[Records excerpted from a collection]
···
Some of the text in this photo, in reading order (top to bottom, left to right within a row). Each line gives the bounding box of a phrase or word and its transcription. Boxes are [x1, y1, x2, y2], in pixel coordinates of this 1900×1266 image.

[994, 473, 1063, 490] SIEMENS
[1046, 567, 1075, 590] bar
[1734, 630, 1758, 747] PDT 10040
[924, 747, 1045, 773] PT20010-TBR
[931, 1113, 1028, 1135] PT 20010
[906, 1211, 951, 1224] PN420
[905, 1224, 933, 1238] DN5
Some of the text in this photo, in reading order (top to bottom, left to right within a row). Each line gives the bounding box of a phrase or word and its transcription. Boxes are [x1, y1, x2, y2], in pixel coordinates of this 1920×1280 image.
···
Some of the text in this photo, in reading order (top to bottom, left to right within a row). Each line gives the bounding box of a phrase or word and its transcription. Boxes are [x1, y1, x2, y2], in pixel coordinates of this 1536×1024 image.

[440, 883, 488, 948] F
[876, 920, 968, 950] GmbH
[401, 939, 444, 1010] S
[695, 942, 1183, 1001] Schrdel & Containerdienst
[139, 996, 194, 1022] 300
···
**Work required**. In the entries above, restate word for word the lines between the one holding "this 1900×1266 image." and the one holding "this 1920×1280 image.", inclusive, and nothing besides.

**Result**.
Some of the text in this photo, in reading order (top to bottom, left to right within a row). Each line gives the bounding box of a phrase or word and its transcription. Boxes are [x1, y1, x2, y2], in pixel coordinates of this 1900×1266 image.

[994, 473, 1063, 490] SIEMENS
[1046, 567, 1075, 590] bar
[1734, 630, 1758, 747] PDT 10040
[924, 747, 1045, 773] PT20010-TBR
[931, 1113, 1028, 1135] PT 20010
[906, 1211, 951, 1224] PN420
[905, 1224, 933, 1238] DN5
Some of the text in this photo, in reading order (top to bottom, left to right within a row). Each line gives the bounding box of a phrase or word and its transcription. Boxes are [x1, y1, x2, y2], in pixel coordinates of this 1920×1280 image.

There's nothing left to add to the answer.